■ Aim of the exercise: Return the lines that run from the line containing "this 1280×1707 image." through the end of the entries, both ends included. Leave out all pictures.

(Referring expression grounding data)
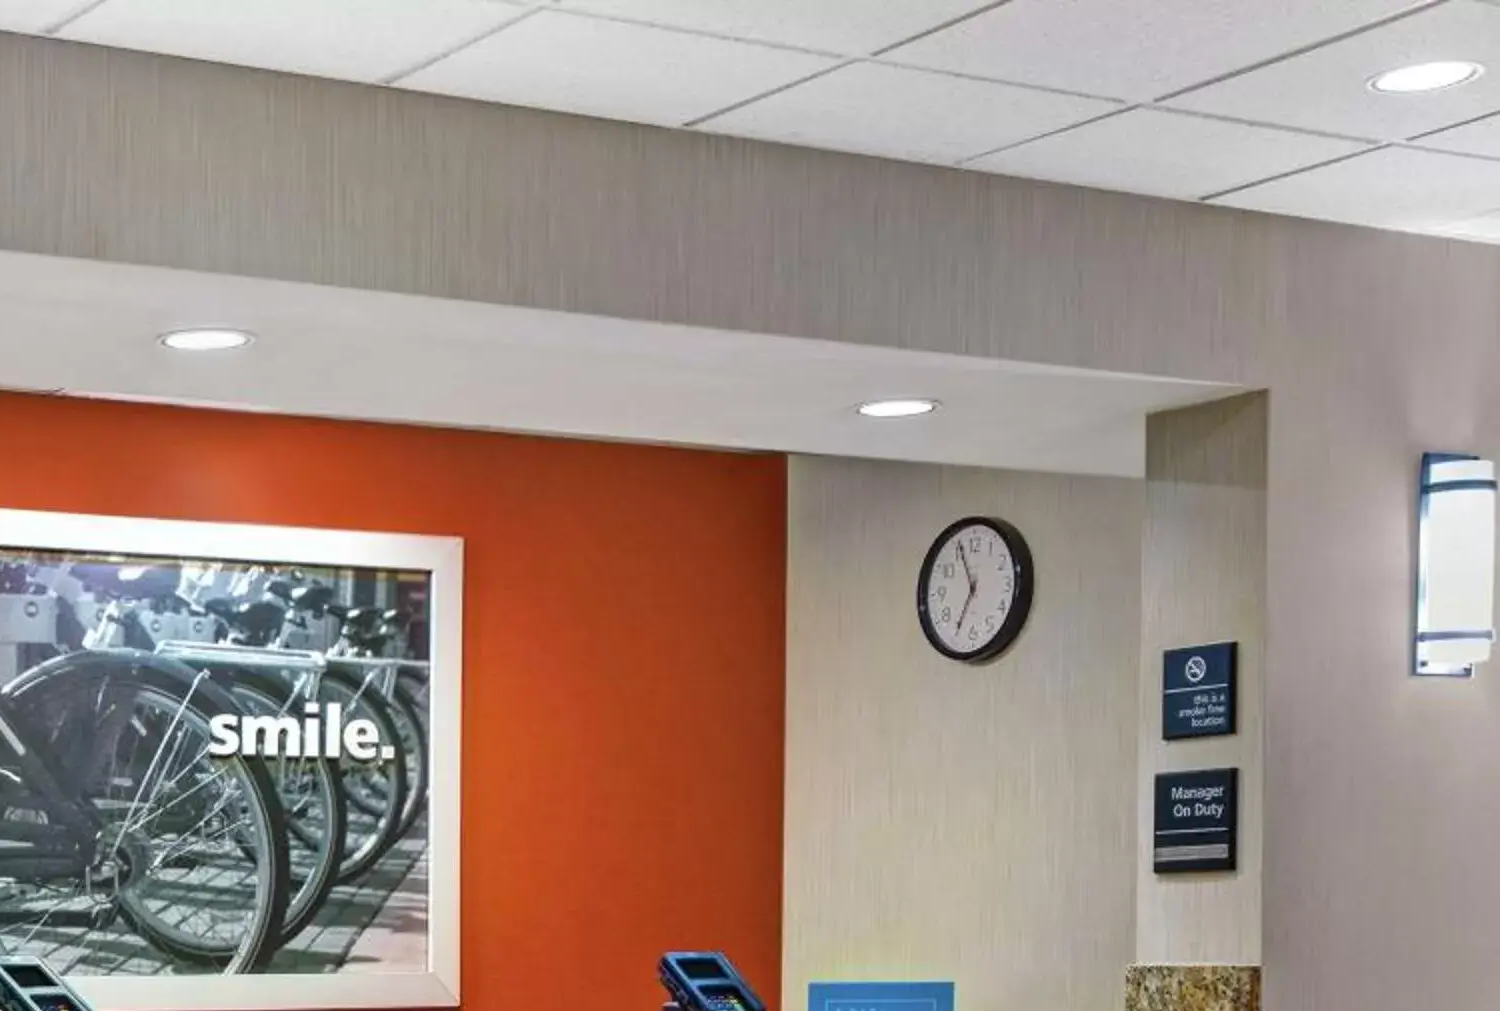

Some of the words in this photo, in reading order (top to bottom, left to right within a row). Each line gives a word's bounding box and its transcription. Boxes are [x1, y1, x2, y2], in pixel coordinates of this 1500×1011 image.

[997, 554, 1007, 571] 2
[209, 702, 395, 760] smile.
[1171, 785, 1225, 801] Manager
[1173, 803, 1192, 817] On
[1194, 802, 1225, 819] Duty
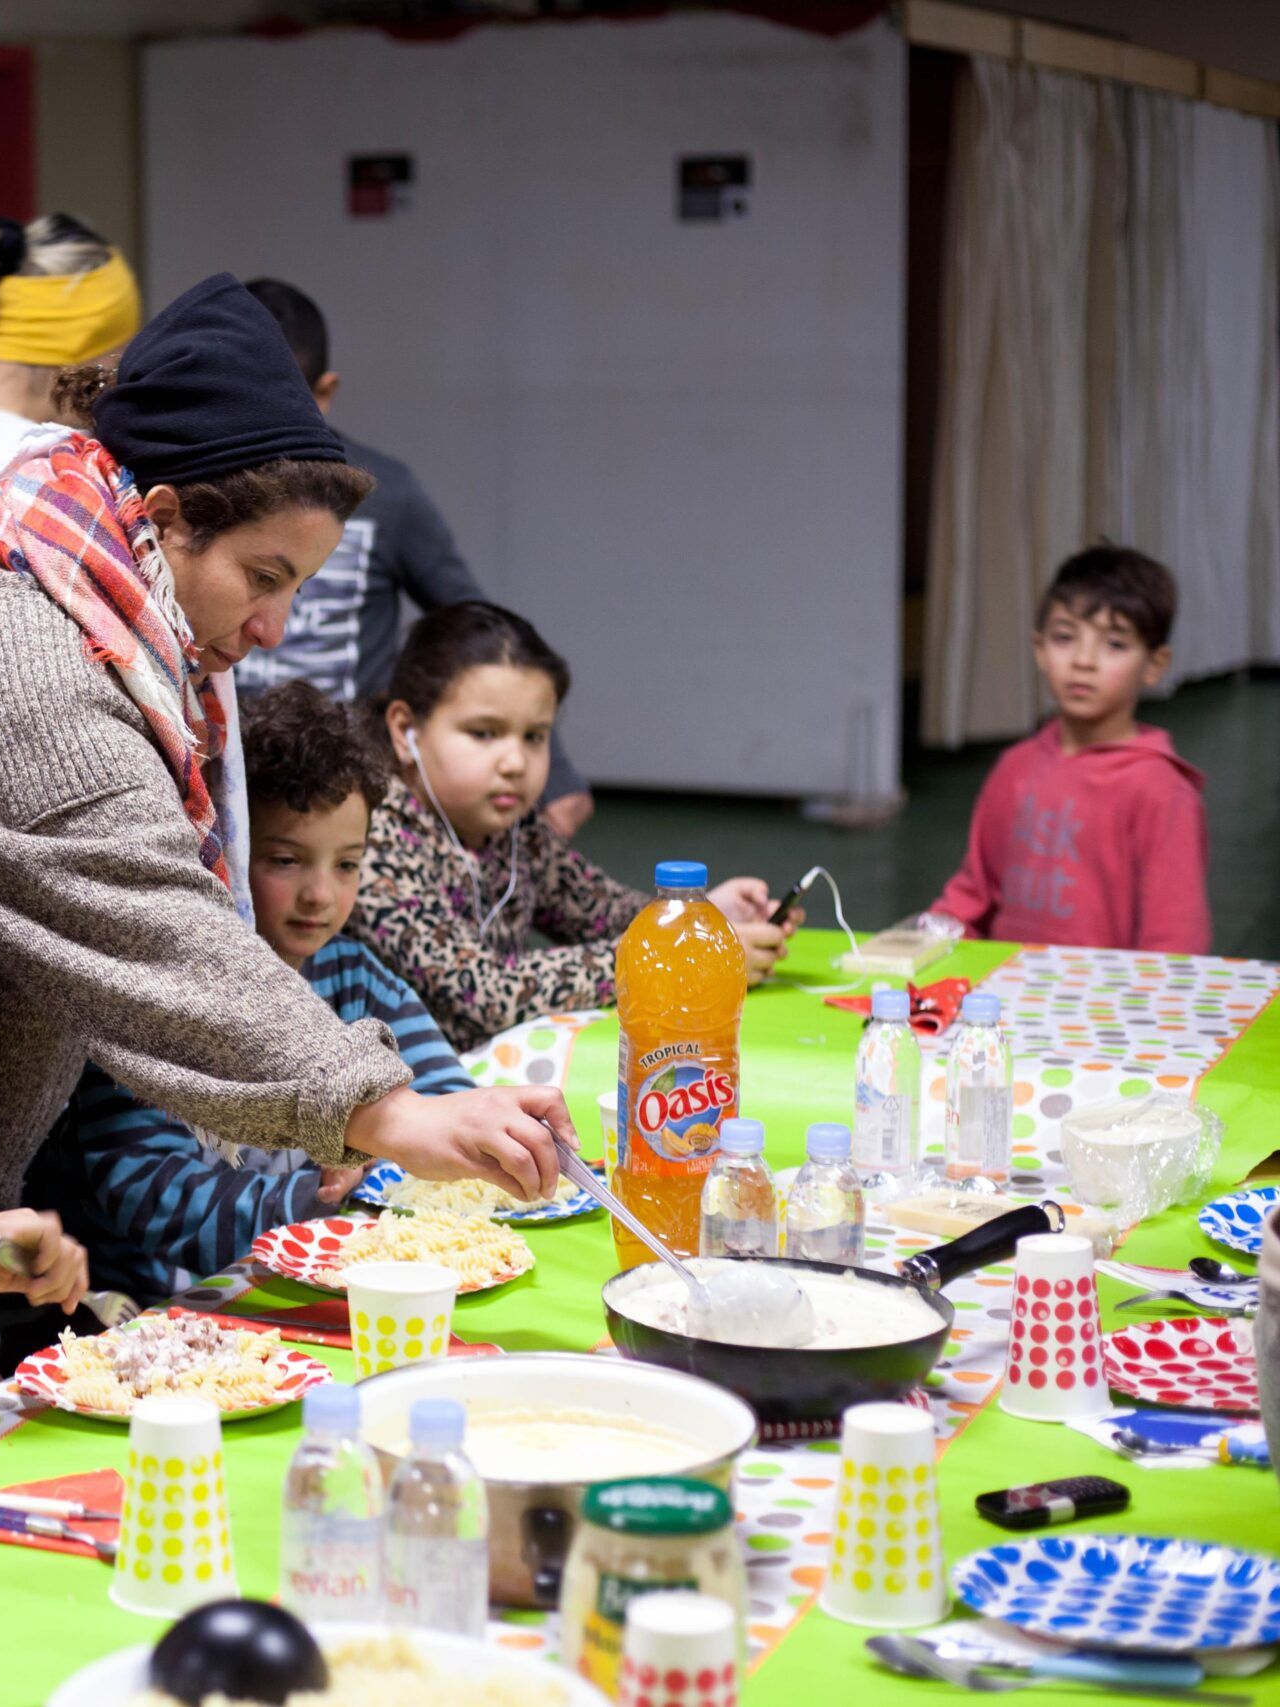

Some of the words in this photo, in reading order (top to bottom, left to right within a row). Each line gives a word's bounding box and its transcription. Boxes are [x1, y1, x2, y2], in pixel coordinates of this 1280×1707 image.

[640, 1043, 700, 1069] TROPICAL
[638, 1068, 734, 1132] Oasis
[291, 1569, 366, 1598] evian
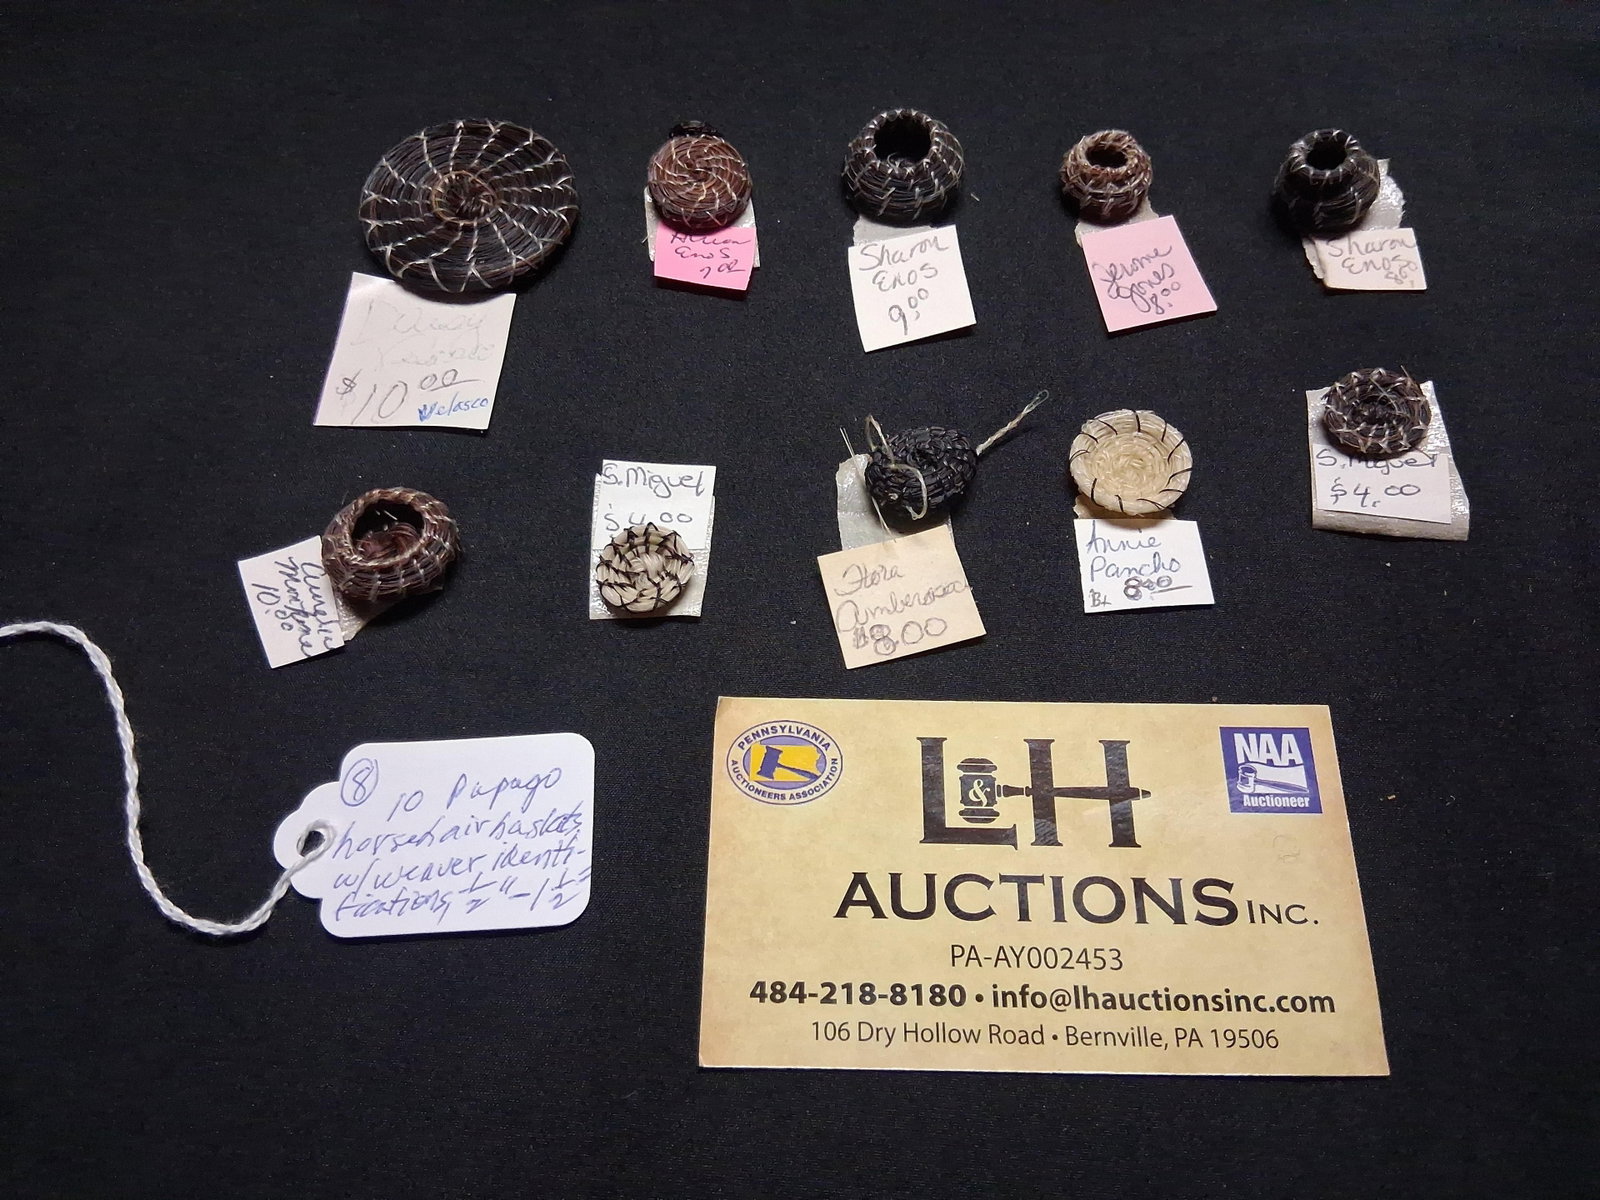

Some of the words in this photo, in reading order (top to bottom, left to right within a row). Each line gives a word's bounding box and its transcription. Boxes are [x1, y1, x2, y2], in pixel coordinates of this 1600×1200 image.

[858, 236, 949, 271] Sharon
[737, 724, 832, 751] PENNSYLVANIA
[1233, 732, 1304, 766] NAA
[730, 759, 787, 801] AUCTIONEERS
[788, 757, 839, 801] ASSOCIATION
[1242, 794, 1310, 808] Auctioneer
[833, 871, 1239, 927] AUCTIONS
[1246, 899, 1320, 926] INC.
[950, 944, 1124, 971] PA-AY002453
[749, 980, 967, 1007] 484-218-8180
[991, 983, 1336, 1014] info@lhauctionsinc.com
[811, 1021, 851, 1042] 106
[857, 1021, 896, 1048] Dry
[903, 1022, 981, 1044] Hollow
[988, 1024, 1046, 1045] Road
[1065, 1025, 1169, 1050] Bernville,
[1175, 1027, 1204, 1048] PA
[1210, 1028, 1280, 1049] 19506

■ The answer:
Some of the words in this photo, in reading order (top to bottom, left to right within a row). Each line gives a word's bounding box and its transcription. Boxes are [x1, y1, x2, y2], in pixel coordinates of this 1280×1707 image.

[640, 1043, 700, 1069] TROPICAL
[638, 1068, 734, 1132] Oasis
[291, 1569, 366, 1598] evian

Some of the words in this photo, in reading order (top to bottom, left to right within a row). Each line gives a word's bounding box and its transcription. Boxes are [x1, y1, x2, y2], in pixel coordinates of this 1600×1200 image.

[858, 236, 949, 271] Sharon
[737, 724, 832, 751] PENNSYLVANIA
[1233, 732, 1304, 766] NAA
[730, 759, 787, 801] AUCTIONEERS
[788, 757, 839, 801] ASSOCIATION
[1242, 794, 1310, 808] Auctioneer
[833, 871, 1239, 927] AUCTIONS
[1246, 899, 1320, 926] INC.
[950, 944, 1124, 971] PA-AY002453
[749, 980, 967, 1007] 484-218-8180
[991, 983, 1336, 1014] info@lhauctionsinc.com
[811, 1021, 851, 1042] 106
[857, 1021, 896, 1048] Dry
[903, 1022, 981, 1044] Hollow
[988, 1024, 1046, 1045] Road
[1065, 1025, 1169, 1050] Bernville,
[1175, 1027, 1204, 1048] PA
[1210, 1028, 1280, 1049] 19506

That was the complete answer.